Bring your attention to your chest and upper back.
Feel your ribcage rising and falling as you breathe in and breathe out.
Be mindful of your heart beating if you can.
Be grateful that all these vital organs in the body are currently working to keep you alive.
Be mindful of any emotions arising from your heart area.
Allow space for your emotions to express themselves.
You may now bring your awareness to both arms together.
Beginning with the fingertips and moving up to the shoulders.
Breathe into and out of these parts.
Bring your awareness to both arms together.
Beginning with the fingertips and moving up to the shoulders.
Breathe into and out of these parts.
Now bring your awareness to your neck.
Then spread your awareness to your jaw.
Noticing if it is clenched,
Feel your lips.
Inside your mouth,
Your cheeks,
Your nose,
Your eyelids and eyes,
Your temples,
Your forehead and checking if it is frowning,
Your eyes,
The back of your head and finally the top of your head.
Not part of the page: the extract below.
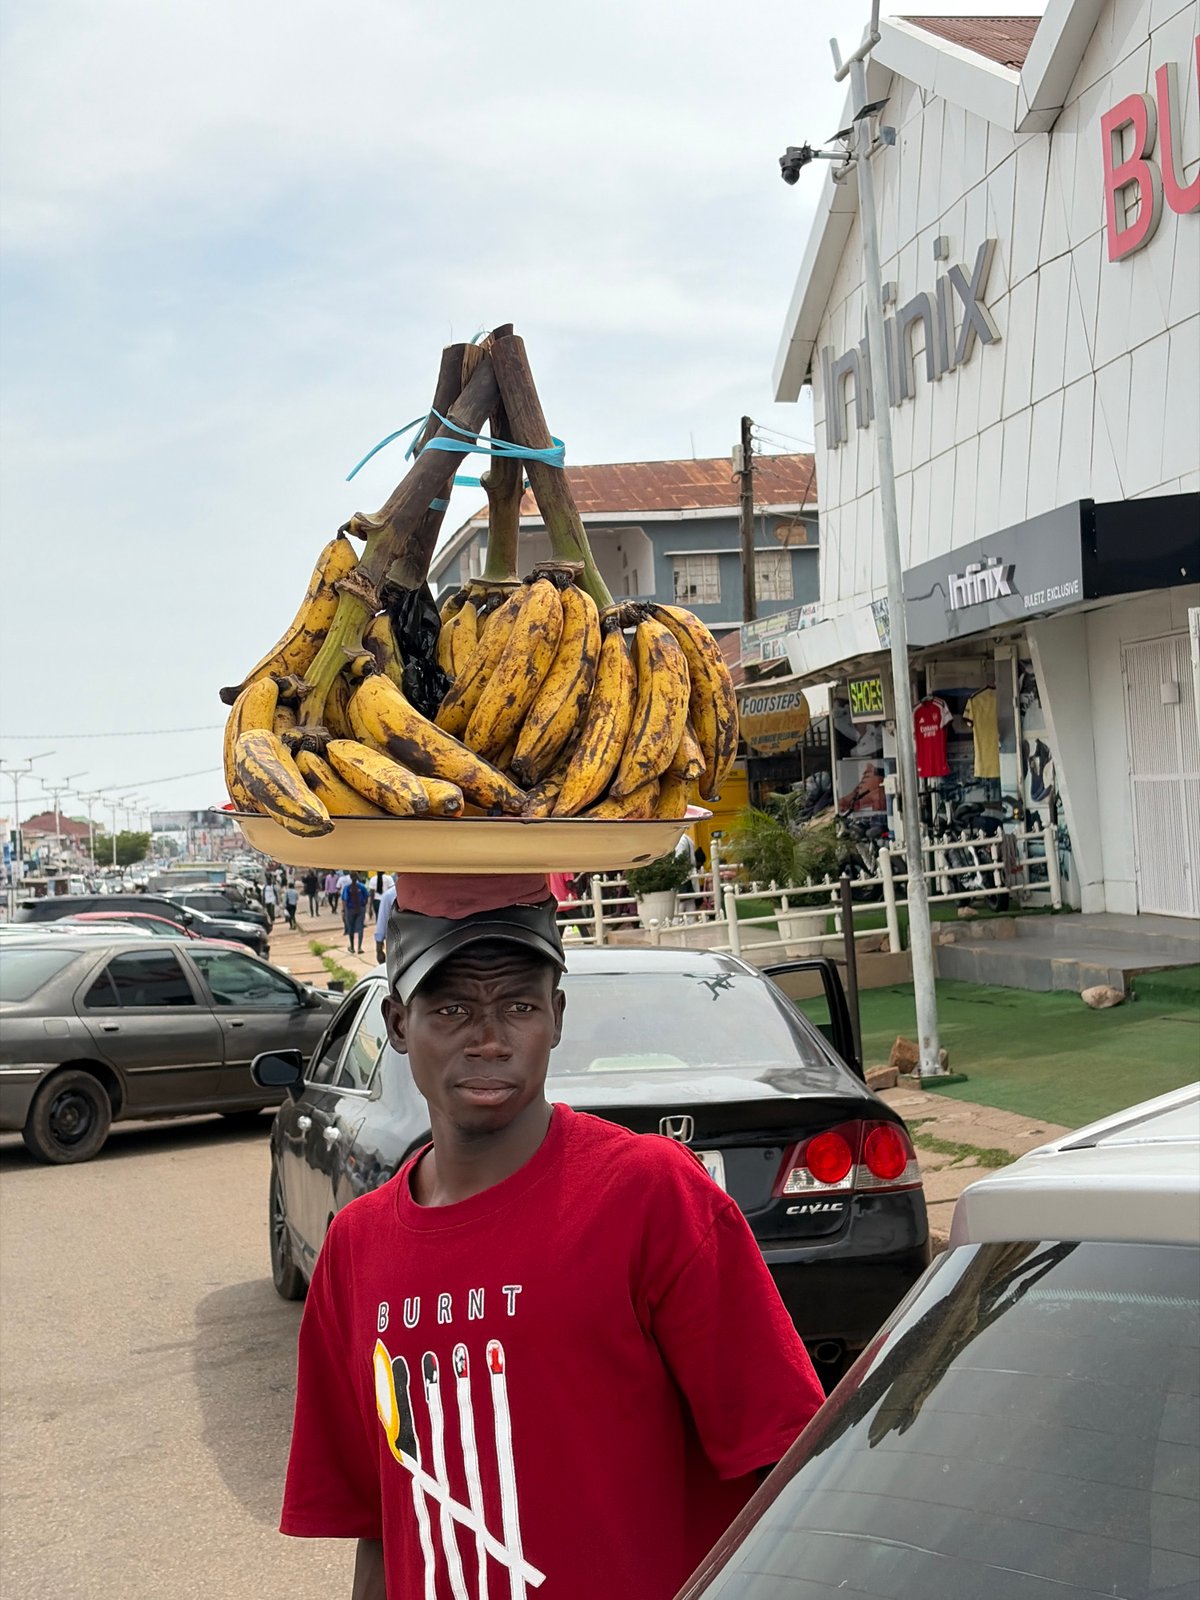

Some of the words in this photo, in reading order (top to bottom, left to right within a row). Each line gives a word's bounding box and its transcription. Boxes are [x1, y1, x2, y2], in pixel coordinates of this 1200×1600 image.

Now let go of all the effort to practice mindfulness.
Get a sense of your whole body.
Feel yourself as complete,
Just as you are.
At peace,
Just as you are.
Remember this sense of being is always available to you when you need it.
So rest in this stillness.
Acknowledge the time you have taken to nourish your body and mind.
So now come out from this meditation gently,
Being aware of the transition into whatever you need to do next.
Endeavour to bring this mindful awareness to whatever activity you engage in the next.